** Opening AVAILABLE DATA block **

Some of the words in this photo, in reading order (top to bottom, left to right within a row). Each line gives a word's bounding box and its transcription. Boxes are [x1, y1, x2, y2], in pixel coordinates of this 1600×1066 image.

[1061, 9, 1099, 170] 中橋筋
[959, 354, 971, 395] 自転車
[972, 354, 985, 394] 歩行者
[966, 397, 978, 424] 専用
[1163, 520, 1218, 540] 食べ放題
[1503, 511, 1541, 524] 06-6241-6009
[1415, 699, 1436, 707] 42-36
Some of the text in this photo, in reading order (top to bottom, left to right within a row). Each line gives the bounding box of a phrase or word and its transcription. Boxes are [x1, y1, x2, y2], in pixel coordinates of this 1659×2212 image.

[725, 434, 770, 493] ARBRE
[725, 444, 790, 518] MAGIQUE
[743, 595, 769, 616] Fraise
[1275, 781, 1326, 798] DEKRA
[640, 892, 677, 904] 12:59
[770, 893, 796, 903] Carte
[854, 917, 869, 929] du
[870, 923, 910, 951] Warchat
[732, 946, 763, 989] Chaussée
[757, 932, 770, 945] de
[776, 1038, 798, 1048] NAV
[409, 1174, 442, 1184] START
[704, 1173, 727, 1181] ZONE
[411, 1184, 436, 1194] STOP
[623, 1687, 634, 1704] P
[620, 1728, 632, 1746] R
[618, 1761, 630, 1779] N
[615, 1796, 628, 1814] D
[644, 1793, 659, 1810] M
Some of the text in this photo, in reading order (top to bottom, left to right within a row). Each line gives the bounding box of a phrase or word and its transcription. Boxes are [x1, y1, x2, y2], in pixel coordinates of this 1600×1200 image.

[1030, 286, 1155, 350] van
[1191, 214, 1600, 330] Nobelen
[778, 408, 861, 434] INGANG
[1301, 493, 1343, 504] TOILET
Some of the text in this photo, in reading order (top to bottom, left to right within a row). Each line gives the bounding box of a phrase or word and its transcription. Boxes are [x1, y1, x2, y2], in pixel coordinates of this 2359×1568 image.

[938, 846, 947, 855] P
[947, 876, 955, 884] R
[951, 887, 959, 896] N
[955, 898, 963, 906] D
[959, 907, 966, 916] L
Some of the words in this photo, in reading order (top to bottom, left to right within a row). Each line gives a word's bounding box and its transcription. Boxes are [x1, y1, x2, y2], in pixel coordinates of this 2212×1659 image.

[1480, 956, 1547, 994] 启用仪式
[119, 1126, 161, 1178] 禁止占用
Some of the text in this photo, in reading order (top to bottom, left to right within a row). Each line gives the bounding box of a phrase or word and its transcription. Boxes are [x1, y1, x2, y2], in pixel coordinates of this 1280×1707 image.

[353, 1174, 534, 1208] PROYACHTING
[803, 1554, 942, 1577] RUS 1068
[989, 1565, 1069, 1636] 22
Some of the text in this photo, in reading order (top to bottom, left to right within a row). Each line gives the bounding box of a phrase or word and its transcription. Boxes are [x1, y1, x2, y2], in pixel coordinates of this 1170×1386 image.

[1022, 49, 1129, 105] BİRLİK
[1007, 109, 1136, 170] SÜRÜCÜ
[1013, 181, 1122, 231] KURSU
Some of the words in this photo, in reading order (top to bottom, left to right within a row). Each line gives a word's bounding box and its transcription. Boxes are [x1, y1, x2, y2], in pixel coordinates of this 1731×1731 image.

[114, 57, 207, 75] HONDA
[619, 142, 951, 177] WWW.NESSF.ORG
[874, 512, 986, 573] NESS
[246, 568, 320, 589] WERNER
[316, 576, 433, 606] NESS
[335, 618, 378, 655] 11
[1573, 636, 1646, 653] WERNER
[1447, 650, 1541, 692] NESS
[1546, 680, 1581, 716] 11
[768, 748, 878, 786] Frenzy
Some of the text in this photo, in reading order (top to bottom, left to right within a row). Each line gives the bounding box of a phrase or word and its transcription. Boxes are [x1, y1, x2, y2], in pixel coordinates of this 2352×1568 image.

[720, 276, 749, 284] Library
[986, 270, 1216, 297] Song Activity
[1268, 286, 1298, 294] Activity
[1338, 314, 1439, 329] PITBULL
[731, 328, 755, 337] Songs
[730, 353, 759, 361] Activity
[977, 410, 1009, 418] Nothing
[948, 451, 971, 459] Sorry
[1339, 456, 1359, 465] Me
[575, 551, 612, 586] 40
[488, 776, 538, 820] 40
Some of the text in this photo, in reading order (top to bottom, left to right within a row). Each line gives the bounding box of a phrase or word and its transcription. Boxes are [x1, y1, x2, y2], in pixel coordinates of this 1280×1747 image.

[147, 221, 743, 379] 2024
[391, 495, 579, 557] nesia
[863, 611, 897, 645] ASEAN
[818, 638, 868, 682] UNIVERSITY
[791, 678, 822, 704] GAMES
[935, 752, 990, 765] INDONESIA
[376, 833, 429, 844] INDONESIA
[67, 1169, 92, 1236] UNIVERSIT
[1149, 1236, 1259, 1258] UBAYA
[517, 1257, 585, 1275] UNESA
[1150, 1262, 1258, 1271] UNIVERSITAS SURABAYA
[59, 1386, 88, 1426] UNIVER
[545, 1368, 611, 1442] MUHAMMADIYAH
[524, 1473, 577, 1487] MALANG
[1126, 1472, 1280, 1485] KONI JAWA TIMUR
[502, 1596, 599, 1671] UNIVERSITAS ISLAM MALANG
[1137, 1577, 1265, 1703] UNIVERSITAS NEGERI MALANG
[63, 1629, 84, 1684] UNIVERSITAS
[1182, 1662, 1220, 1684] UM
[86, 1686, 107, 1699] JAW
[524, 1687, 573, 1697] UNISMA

** Closing AVAILABLE DATA block **

Repeat the whole listing above, word for word.

**RESULT BELOW**
Some of the words in this photo, in reading order (top to bottom, left to right within a row). Each line gives a word's bounding box and its transcription. Boxes are [x1, y1, x2, y2], in pixel coordinates of this 1600×1066 image.

[1061, 9, 1099, 170] 中橋筋
[959, 354, 971, 395] 自転車
[972, 354, 985, 394] 歩行者
[966, 397, 978, 424] 専用
[1163, 520, 1218, 540] 食べ放題
[1503, 511, 1541, 524] 06-6241-6009
[1415, 699, 1436, 707] 42-36
Some of the text in this photo, in reading order (top to bottom, left to right within a row). Each line gives the bounding box of a phrase or word and its transcription. Boxes are [x1, y1, x2, y2], in pixel coordinates of this 1659×2212 image.

[725, 434, 770, 493] ARBRE
[725, 444, 790, 518] MAGIQUE
[743, 595, 769, 616] Fraise
[1275, 781, 1326, 798] DEKRA
[640, 892, 677, 904] 12:59
[770, 893, 796, 903] Carte
[854, 917, 869, 929] du
[870, 923, 910, 951] Warchat
[732, 946, 763, 989] Chaussée
[757, 932, 770, 945] de
[776, 1038, 798, 1048] NAV
[409, 1174, 442, 1184] START
[704, 1173, 727, 1181] ZONE
[411, 1184, 436, 1194] STOP
[623, 1687, 634, 1704] P
[620, 1728, 632, 1746] R
[618, 1761, 630, 1779] N
[615, 1796, 628, 1814] D
[644, 1793, 659, 1810] M
Some of the text in this photo, in reading order (top to bottom, left to right within a row). Each line gives the bounding box of a phrase or word and its transcription. Boxes are [x1, y1, x2, y2], in pixel coordinates of this 1600×1200 image.

[1030, 286, 1155, 350] van
[1191, 214, 1600, 330] Nobelen
[778, 408, 861, 434] INGANG
[1301, 493, 1343, 504] TOILET
Some of the text in this photo, in reading order (top to bottom, left to right within a row). Each line gives the bounding box of a phrase or word and its transcription. Boxes are [x1, y1, x2, y2], in pixel coordinates of this 2359×1568 image.

[938, 846, 947, 855] P
[947, 876, 955, 884] R
[951, 887, 959, 896] N
[955, 898, 963, 906] D
[959, 907, 966, 916] L
Some of the words in this photo, in reading order (top to bottom, left to right within a row). Each line gives a word's bounding box and its transcription. Boxes are [x1, y1, x2, y2], in pixel coordinates of this 2212×1659 image.

[1480, 956, 1547, 994] 启用仪式
[119, 1126, 161, 1178] 禁止占用
Some of the text in this photo, in reading order (top to bottom, left to right within a row). Each line gives the bounding box of a phrase or word and its transcription. Boxes are [x1, y1, x2, y2], in pixel coordinates of this 1280×1707 image.

[353, 1174, 534, 1208] PROYACHTING
[803, 1554, 942, 1577] RUS 1068
[989, 1565, 1069, 1636] 22
Some of the text in this photo, in reading order (top to bottom, left to right within a row). Each line gives the bounding box of a phrase or word and its transcription. Boxes are [x1, y1, x2, y2], in pixel coordinates of this 1170×1386 image.

[1022, 49, 1129, 105] BİRLİK
[1007, 109, 1136, 170] SÜRÜCÜ
[1013, 181, 1122, 231] KURSU
Some of the words in this photo, in reading order (top to bottom, left to right within a row). Each line gives a word's bounding box and its transcription. Boxes are [x1, y1, x2, y2], in pixel coordinates of this 1731×1731 image.

[114, 57, 207, 75] HONDA
[619, 142, 951, 177] WWW.NESSF.ORG
[874, 512, 986, 573] NESS
[246, 568, 320, 589] WERNER
[316, 576, 433, 606] NESS
[335, 618, 378, 655] 11
[1573, 636, 1646, 653] WERNER
[1447, 650, 1541, 692] NESS
[1546, 680, 1581, 716] 11
[768, 748, 878, 786] Frenzy
Some of the text in this photo, in reading order (top to bottom, left to right within a row). Each line gives the bounding box of a phrase or word and its transcription. Boxes are [x1, y1, x2, y2], in pixel coordinates of this 2352×1568 image.

[720, 276, 749, 284] Library
[986, 270, 1216, 297] Song Activity
[1268, 286, 1298, 294] Activity
[1338, 314, 1439, 329] PITBULL
[731, 328, 755, 337] Songs
[730, 353, 759, 361] Activity
[977, 410, 1009, 418] Nothing
[948, 451, 971, 459] Sorry
[1339, 456, 1359, 465] Me
[575, 551, 612, 586] 40
[488, 776, 538, 820] 40
Some of the text in this photo, in reading order (top to bottom, left to right within a row). Each line gives the bounding box of a phrase or word and its transcription. Boxes are [x1, y1, x2, y2], in pixel coordinates of this 1280×1747 image.

[147, 221, 743, 379] 2024
[391, 495, 579, 557] nesia
[863, 611, 897, 645] ASEAN
[818, 638, 868, 682] UNIVERSITY
[791, 678, 822, 704] GAMES
[935, 752, 990, 765] INDONESIA
[376, 833, 429, 844] INDONESIA
[67, 1169, 92, 1236] UNIVERSIT
[1149, 1236, 1259, 1258] UBAYA
[517, 1257, 585, 1275] UNESA
[1150, 1262, 1258, 1271] UNIVERSITAS SURABAYA
[59, 1386, 88, 1426] UNIVER
[545, 1368, 611, 1442] MUHAMMADIYAH
[524, 1473, 577, 1487] MALANG
[1126, 1472, 1280, 1485] KONI JAWA TIMUR
[502, 1596, 599, 1671] UNIVERSITAS ISLAM MALANG
[1137, 1577, 1265, 1703] UNIVERSITAS NEGERI MALANG
[63, 1629, 84, 1684] UNIVERSITAS
[1182, 1662, 1220, 1684] UM
[86, 1686, 107, 1699] JAW
[524, 1687, 573, 1697] UNISMA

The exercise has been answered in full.